I don;t remember the media going this crazy after Ford/Firestone back in 2003 I mean they were what 34 deaths of people who had a Toyota product from 2000-2009 and 119 deaths from Ford(Explorer)/Firestone?
On Honda/Toyota sales this is not the 90's-mid 00's anymore where it was just Honda and Toyota making good performing cars. I know Nissan made some good cars in the 90's to mid 00's too but just less consistently than Honda or Toyota did.
As fir Ford's sales their sales to rentals increased by 74% it said in their press release on Auto Channel.com for sales last months sales. It also said in the press release that Ford's retail sales increased by 28% but on this press release here on this page it says retail sales increased by 50%. I don't know who's right. It doesn;t matter though Ford is just at another level right now thats why a company like Honda has to watch out for Ford though.
Posted by: carguy58 | March 03, 2010 at 1:30 PM
carguy58 -
If you're a moderate, why do you even mention Obama as well as a "Liberal/Democratic media"? Most moderates don't jump into talking point politics.

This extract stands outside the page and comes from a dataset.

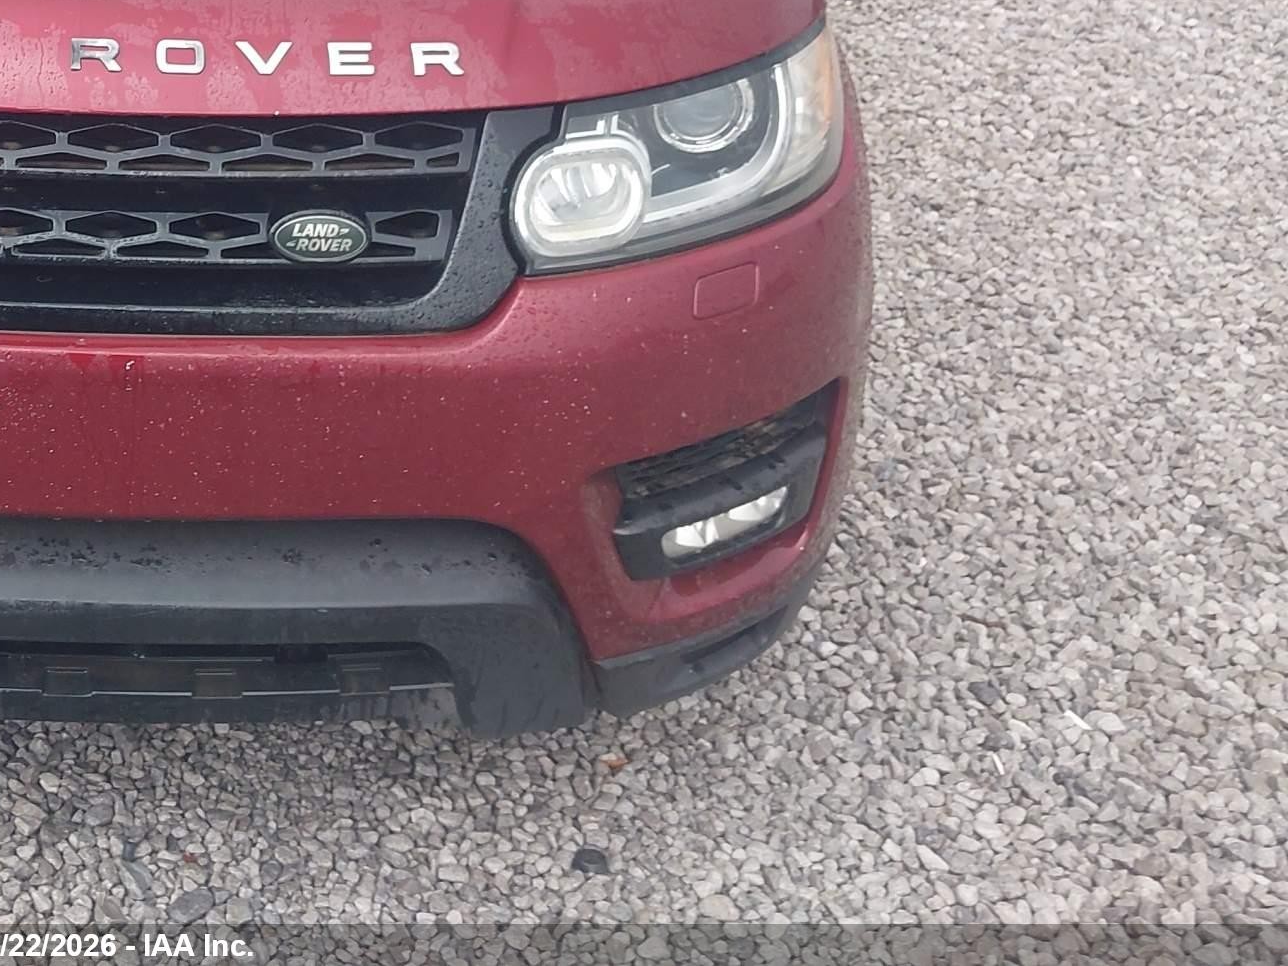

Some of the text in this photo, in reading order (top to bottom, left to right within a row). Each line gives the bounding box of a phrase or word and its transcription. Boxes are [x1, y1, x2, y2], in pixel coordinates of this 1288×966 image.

[70, 37, 465, 76] ROVER
[292, 223, 339, 237] LAND
[295, 238, 353, 252] ROVER

And if you don't recall the extensive Ford / Firestone coverage, review some archive sites to see just how extensive it was.....it even fractured a long-time Ford and Firestone (including family) relationship.
Also the Ford/Firestone recall did not involve 11 Million cars and lame cover-ups about "floor mats"
Posted by: uponfurtherrev | March 03, 2010 at 4:17 PM
"a 58-percent increase for Sonata in February over sales of the superceded Sonata a year earlier. "
How many of these were actually 2011s? Where I live, right now, there are maybe 3-4 2011 Sonatas at each dealer, plus a bunch of 2010s. So if they were selling so many 2011s in February, they were selling right off the car carriers as they were unloaded, or they were the old Sonatas, or the increase was coming in particular geographic areas.
Posted by: bc1960 | March 03, 2010 at 9:13 PM
blaming Obama and his administration for Toyota's problems is laughable. Liberals were quick to go on the attack when Detroit asked for loans back in 2008. Liberals love Toyota and Toyota excels in left leaning parts of the country like the East and West Coasts. To suggest that Obama had it in for Toyota is a joke because he actually referenced Toyota as a benchmark when talking about what he wanted to see the American auto industry become after getting bailed out.
In addition, trying to defend Honda by going on and on about fleet sales is a distraction. Fleet sales are part of the business and Nissan and Toyota engage in fleet sales. Honda may not be willing to offer the pricing and packages that fleet owners want so others will gladly take the business. Speaking derisively about fleet sales is misleading because corporate and government sales are not necessarily bad. Rental cars are what hurt resale value and that is exactly where Toyota, Nissan and Hyundai get most of their fleet sales. Fleet sales are only bad if you are losing money on them.